Building on the ability of this technology to see, observe, and detect, visual AI can now enhance images. Dr. Porter explained: “So if you think back to those cop movies or those countless hours of watching CSI, you’d remember how you could zoom in on a busy street camera and find the suspect. The movies had it easy until today. Visual AI is now advancing towards super-resolution, and visual AI tools can augment image data to predict facial features and provide accurate reports.” So how is computer vision or visual AI transforming the industry? It allows the following augmentation:
- capture and interpret media content
- classifying objects
- training machines to understand the content
- creating capabilities from object detection
- activity tracking
- inspection
Computer vision is also changing the way we do business. By building on existing systems, AI is augmenting human interaction to preempt, react, and alert users according to real-time data. And because it doesn’t require a complete deployment of equipment, it is up and running in a few days. Dr. Porter explained that SparkCognition’s computer vision system now does precisely that. SparkCognition’s Visual AI Advisor is adapted for various fields, including health and safety, security, productivity, inspections, and situational awareness. It works in nearly every industry, including construction, manufacturing, schools, and more.

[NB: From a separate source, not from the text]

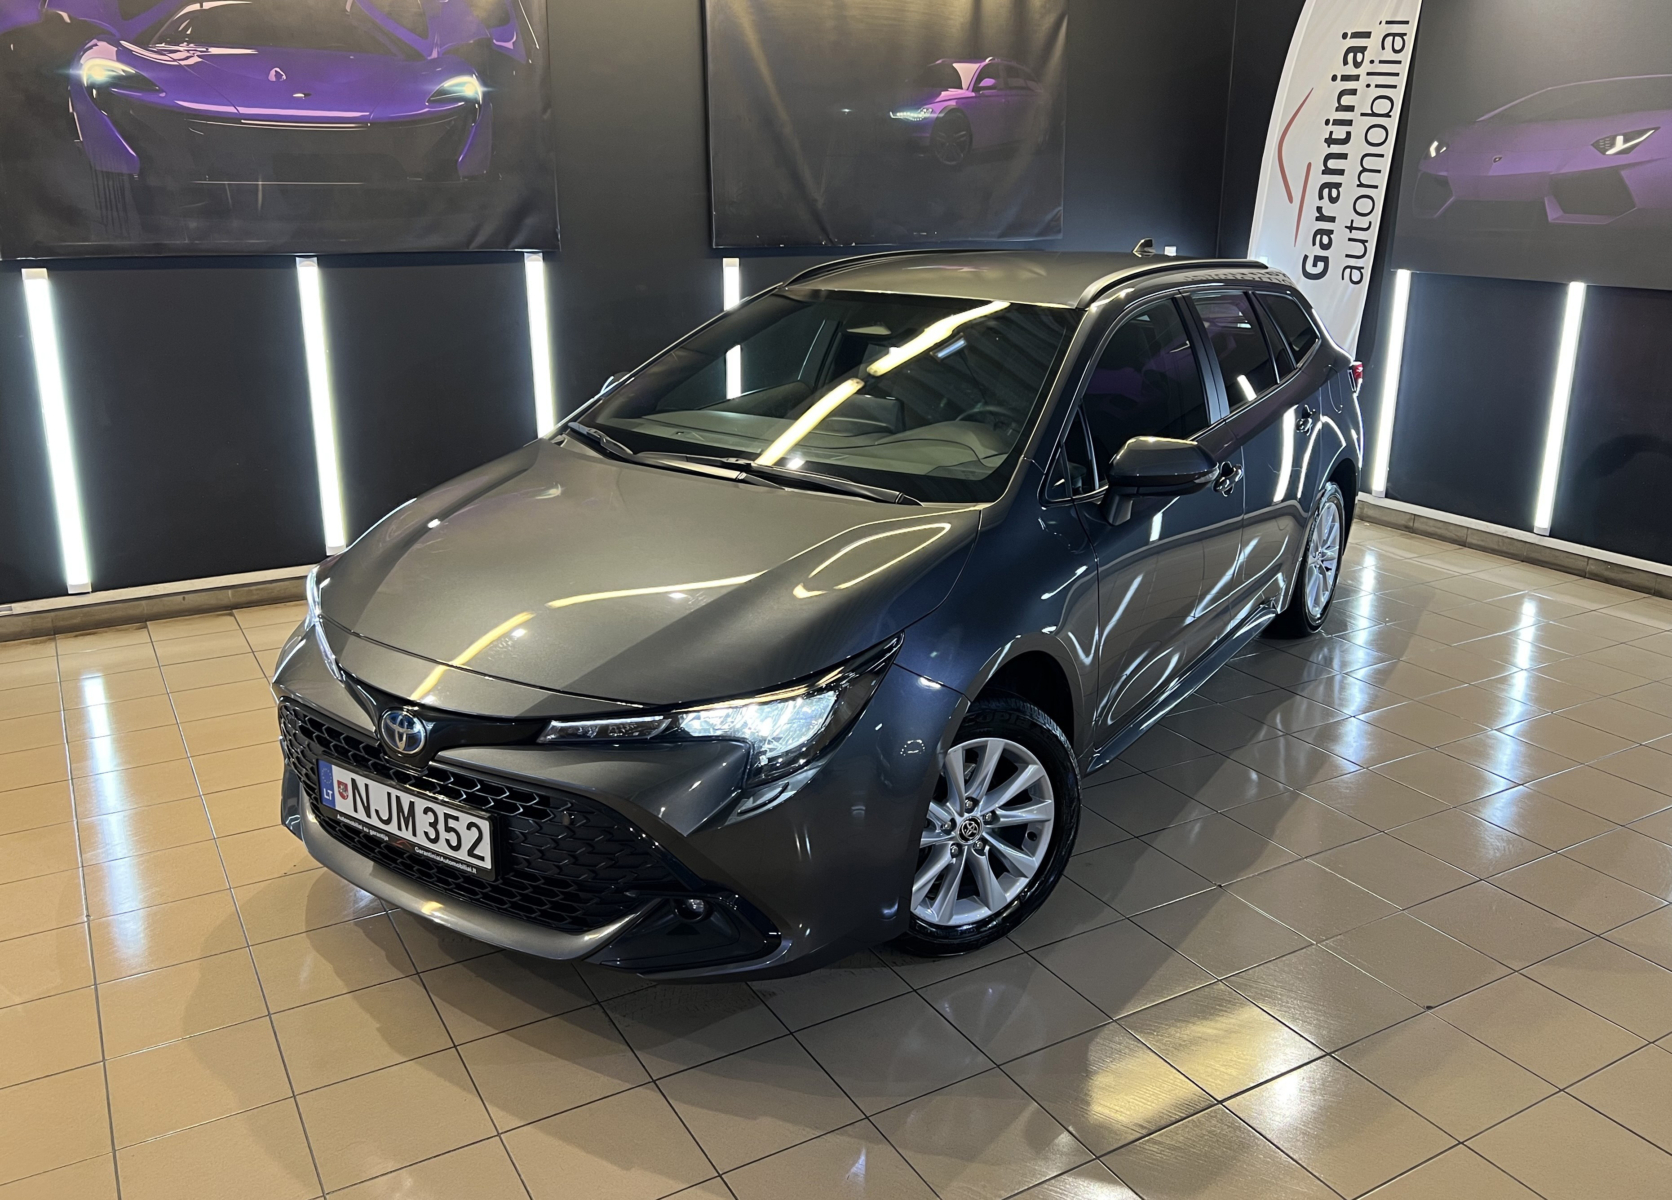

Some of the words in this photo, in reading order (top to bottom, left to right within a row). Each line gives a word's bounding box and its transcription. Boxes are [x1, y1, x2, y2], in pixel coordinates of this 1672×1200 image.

Visual AI is now a hardened technology. It is proven and deployed. And even third-party integrations are entirely secure and private. There is no need to record feeds or keep data stored when systems like Visual AI Advisor can check everything in real time. It can even help blur images where needed for enhanced privacy.
With potential like this, it’s no wonder Dr. Porter says, “My prediction is that the 2020s will be a decade of computer vision.”